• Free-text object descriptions
==========

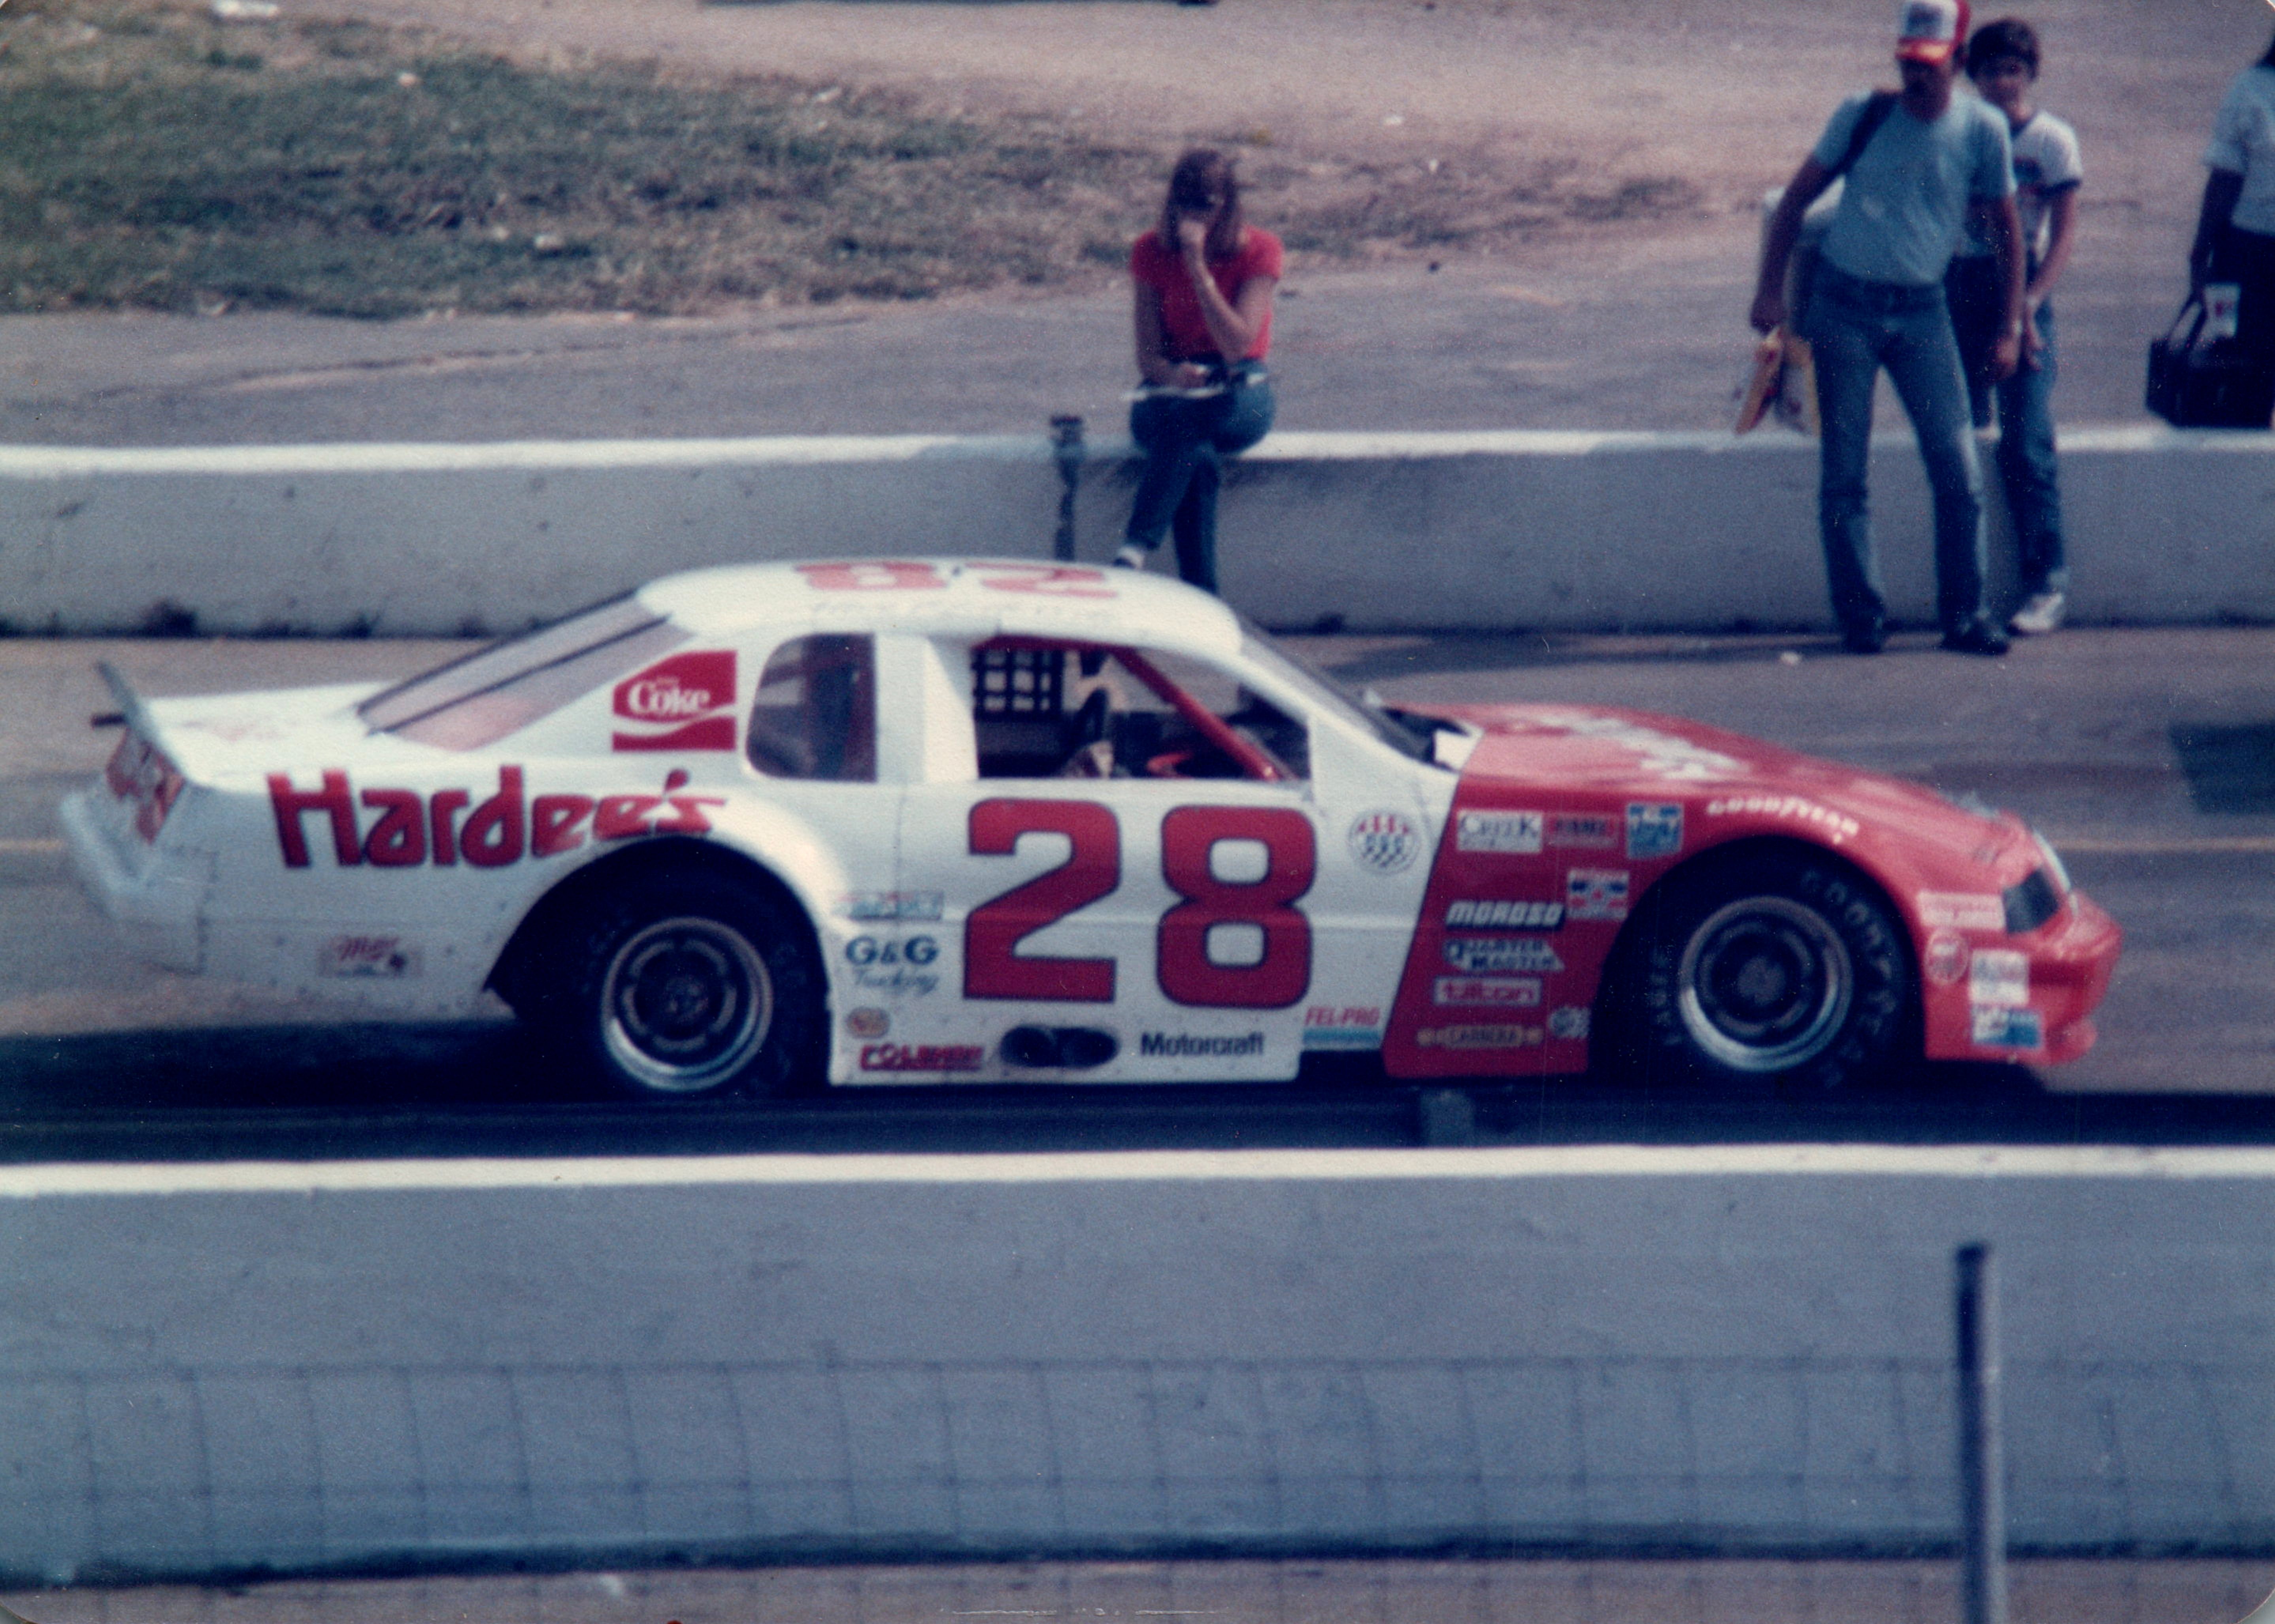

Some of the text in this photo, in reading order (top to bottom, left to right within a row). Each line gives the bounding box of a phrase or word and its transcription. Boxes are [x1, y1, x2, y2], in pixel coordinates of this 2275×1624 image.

[627, 679, 711, 715] Coke
[266, 764, 726, 868] Hardee's
[964, 797, 1316, 1009] 28
[1445, 899, 1565, 926] MOROSO
[1140, 1031, 1265, 1056] Motorcraft
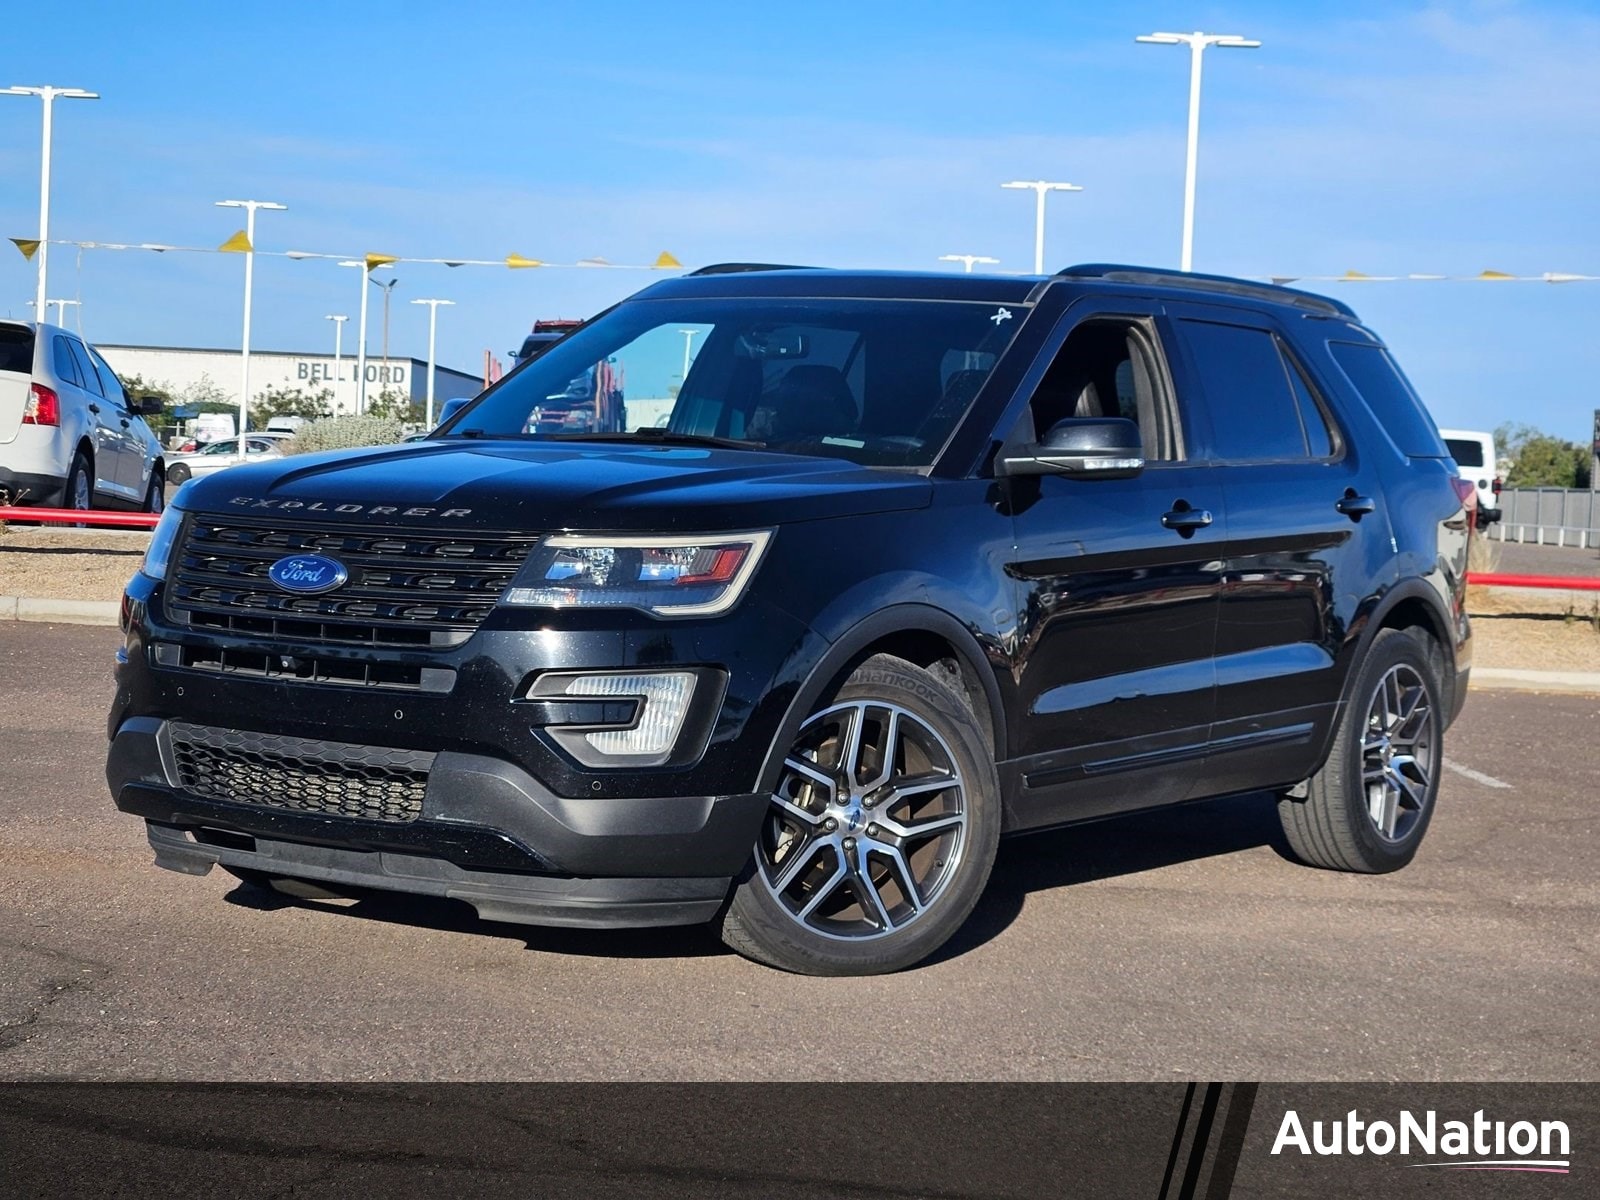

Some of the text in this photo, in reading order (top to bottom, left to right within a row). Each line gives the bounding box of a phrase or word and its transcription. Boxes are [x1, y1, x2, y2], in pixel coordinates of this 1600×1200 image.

[297, 362, 345, 381] BEL
[229, 496, 472, 517] EXPLORER
[280, 559, 322, 583] Ford
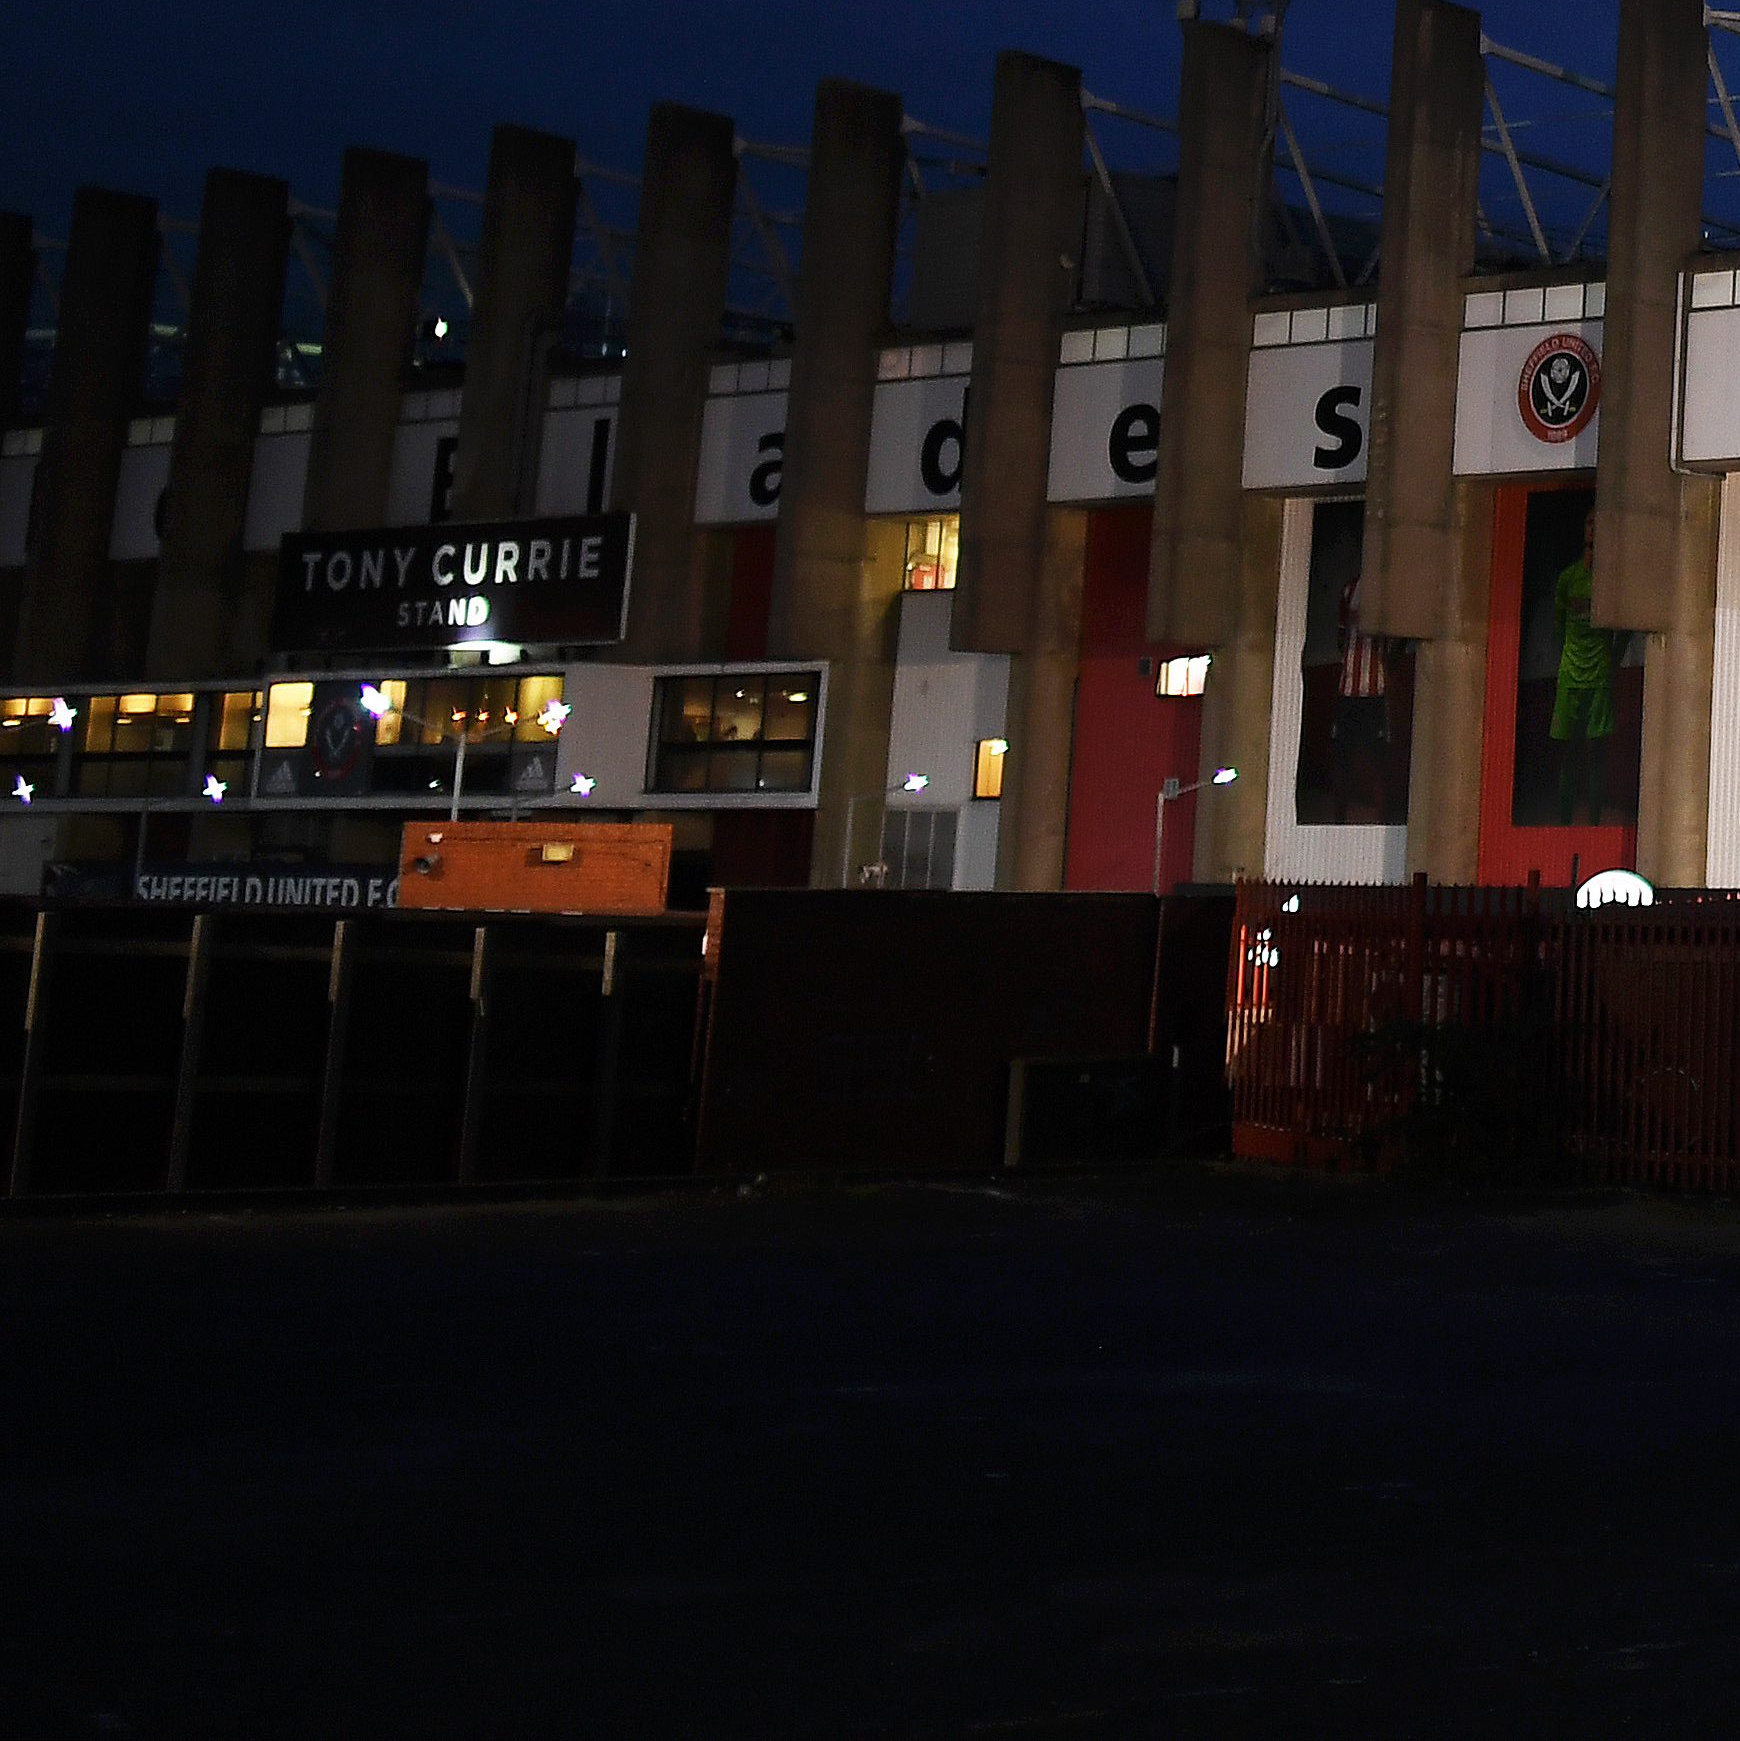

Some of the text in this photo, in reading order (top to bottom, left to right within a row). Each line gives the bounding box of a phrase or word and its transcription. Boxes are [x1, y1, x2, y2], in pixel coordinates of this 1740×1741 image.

==========

• Exercise prompt
Output the whole of the data, unchanged; keep the pictures out.

• Result for this task
Some of the text in this photo, in reading order (top to bottom, left to right within a row). Each line gives the bounding box of a phrase or word and its transcription. Boxes are [x1, y1, x2, y2], in pixel coordinates of this 2275×1624 image.

[627, 679, 711, 715] Coke
[266, 764, 726, 868] Hardee's
[964, 797, 1316, 1009] 28
[1445, 899, 1565, 926] MOROSO
[1140, 1031, 1265, 1056] Motorcraft

Some of the text in this photo, in reading order (top to bottom, left to right within a row). Each line gives the bounding box of a phrase or word and its transcription. Boxes are [x1, y1, x2, y2], in pixel coordinates of this 1600×1200 image.

[297, 362, 345, 381] BEL
[229, 496, 472, 517] EXPLORER
[280, 559, 322, 583] Ford

Some of the text in this photo, in reading order (top to bottom, left to right within a row). Each line gives the bounding box of a phrase or word and its transcription. Boxes are [x1, y1, x2, y2], in pixel coordinates of this 1740×1741 image.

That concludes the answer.